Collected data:
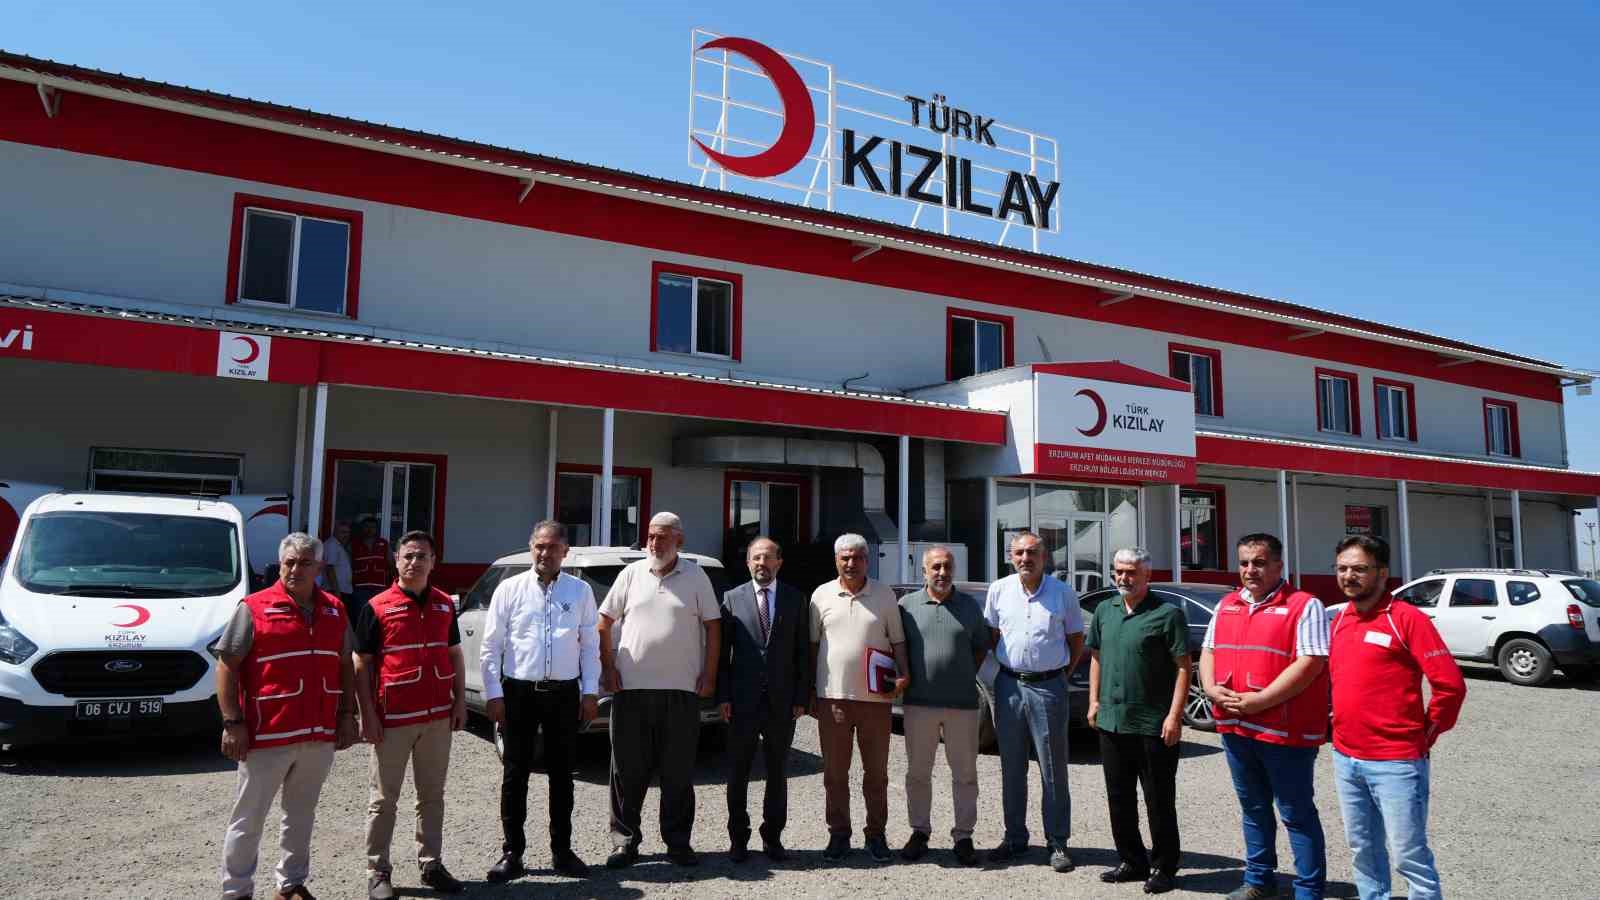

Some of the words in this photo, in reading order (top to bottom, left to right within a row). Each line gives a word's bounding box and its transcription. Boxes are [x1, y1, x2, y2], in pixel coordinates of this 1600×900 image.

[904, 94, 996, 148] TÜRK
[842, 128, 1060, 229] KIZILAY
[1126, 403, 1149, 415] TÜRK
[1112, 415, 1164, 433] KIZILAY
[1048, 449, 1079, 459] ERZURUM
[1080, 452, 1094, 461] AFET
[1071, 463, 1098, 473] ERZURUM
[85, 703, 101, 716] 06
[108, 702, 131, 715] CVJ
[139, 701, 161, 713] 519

▸ Requirement
The records are to be returned verbatim. Skip any picture they contain.

▸ Written answer
Some of the words in this photo, in reading order (top to bottom, left to right within a row). Each line gives a word's bounding box and its transcription. Boxes are [x1, y1, x2, y2], in pixel coordinates of this 1600×900 image.

[904, 94, 996, 148] TÜRK
[842, 128, 1060, 229] KIZILAY
[1126, 403, 1149, 415] TÜRK
[1112, 415, 1164, 433] KIZILAY
[1048, 449, 1079, 459] ERZURUM
[1080, 452, 1094, 461] AFET
[1071, 463, 1098, 473] ERZURUM
[85, 703, 101, 716] 06
[108, 702, 131, 715] CVJ
[139, 701, 161, 713] 519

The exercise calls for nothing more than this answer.